An aqueous solution of poloxamer was used as the aqueous phase. The poloxamer water solution is specifically obtained by dissolving poloxamer in water; the dissolution temperature is 70-80 ℃; more preferably, the temperature of dissolution is 80 ℃.
In certain embodiments, the concentration of the aqueous solution of poloxamer is between 10 and 40mg/mL;
in certain embodiments, the concentration of the aqueous poloxamer solution is between 15 and 35mg/mL.
In a specific embodiment, the concentration of the aqueous solution of poloxamer is 20-30 mg/mL.
In certain embodiments of the present invention, the mass ratio of glyceryl monostearate, soybean phospholipid and poloxamer is (8-12): (18-22): (10-14).
In certain embodiments of the present invention, the mass ratio of glyceryl monostearate, soybean phospholipid and poloxamer is (9-11): (19-21): (11-13).
In certain embodiments of the present invention, the mass ratio of glyceryl monostearate, soybean phospholipid and poloxamer is 10:20:12.
after the organic phase and the aqueous phase were obtained separately, the organic phase was added to the aqueous phase. The steps are preferably specifically as follows: slowly dripping the organic phase into water under the condition of stirring at 70-80 ℃, and stirring for 20-30 min at 80 ℃; the stirring speed is 1000-1400 r/min; more preferably 1000 to 1300r/min; most preferably 1000 to 1200r/min.
In certain embodiments, the above steps are preferably specific to: under the condition of 75-80 ℃ and stirring, the organic phase is slowly instilled into water and stirred for 25-30 min at 80 ℃;
in certain embodiments, the above steps are preferably specific to: the organic phase was slowly instilled into water with stirring at 80℃and stirred for 30min at 80 ℃.
The above-mentioned slow drop is specifically, the dropping speed is controlled to 60-80 drops/min.
Adding the organic phase into the water phase, and cooling to obtain the organic phase; the cooling specifically comprises the following steps: cooling in ice water at 0-2 deg.c, stirring for 50-70 min and cooling at 25-30 deg.c. More preferably specifically: cooling in ice water at 0-2 deg.c, stirring for 60min and cooling at 25-30 deg.c.
The invention provides a resina Draconis perchlorate solid lipid nanoparticle, which is prepared by the preparation method according to any one of the technical schemes.
The present invention has been clearly described with respect to the above preparation method, and will not be described in detail herein.

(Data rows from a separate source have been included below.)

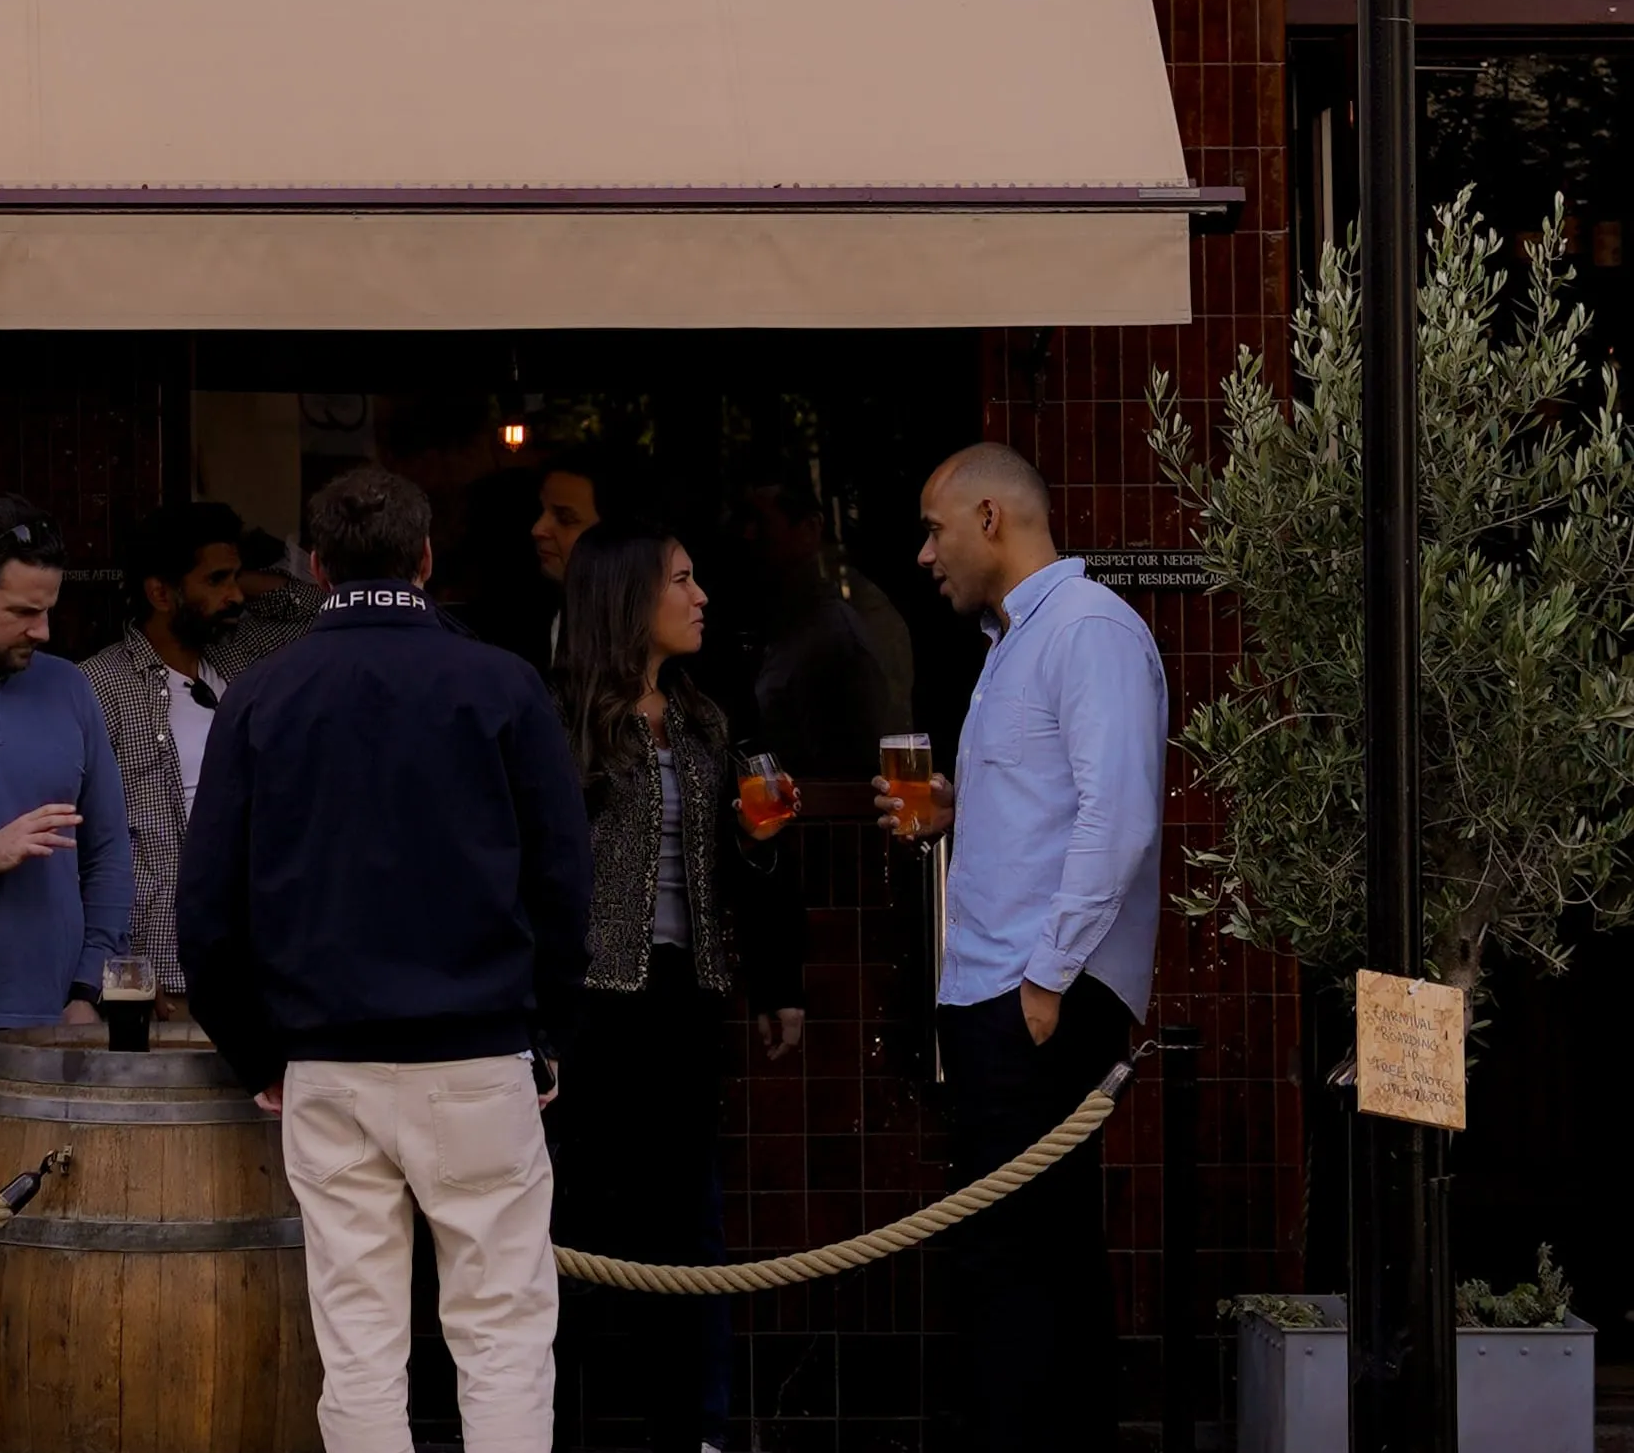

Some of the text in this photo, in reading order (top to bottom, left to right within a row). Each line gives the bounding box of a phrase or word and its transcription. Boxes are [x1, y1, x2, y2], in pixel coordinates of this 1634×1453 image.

[1086, 555, 1136, 566] RESPECT
[1137, 555, 1159, 566] OUR
[1097, 573, 1134, 585] QUIET
[1138, 573, 1208, 585] RESIDENTIAL
[1374, 1004, 1438, 1031] CARNIVAL
[1381, 1026, 1438, 1052] BOARDING

The invention provides a dragons perchlorate medicine, which comprises dragons perchlorate solid lipid nano particles in the technical proposal.
The medicament comprises the resina Draconis perchlorate solid lipid nanoparticle according to the technical scheme, and further comprises conventional auxiliary materials in the field of medicaments, which are well known to those skilled in the art, and the inventor does not limit the method.
Wherein, the dosage form of the medicine comprises one or more of powder, suspension, tablet, capsule, granule or powder.
The invention preferably prepares the medicaments into freeze-dried powder.
The invention also provides a preparation method of the resina Draconis perchlorate freeze-dried powder, which comprises the following steps: mixing the solid lipid nanoparticles of the resina Draconis perchlorate with glucose solution, pre-freezing, and freeze-drying.
Wherein the parameters of the pre-freezing are pre-freezing for 12 hours at the temperature of-80 ℃; the parameters of freeze drying are specifically as follows: freeze drying at-80 deg.c for 10-12 hr.
The concentration of the glucose solution is preferably a 9% glucose solution.
The invention provides application of the resina Draconis perchlorate solid lipid nanoparticle in preparing a medicament for treating injury neuralgia.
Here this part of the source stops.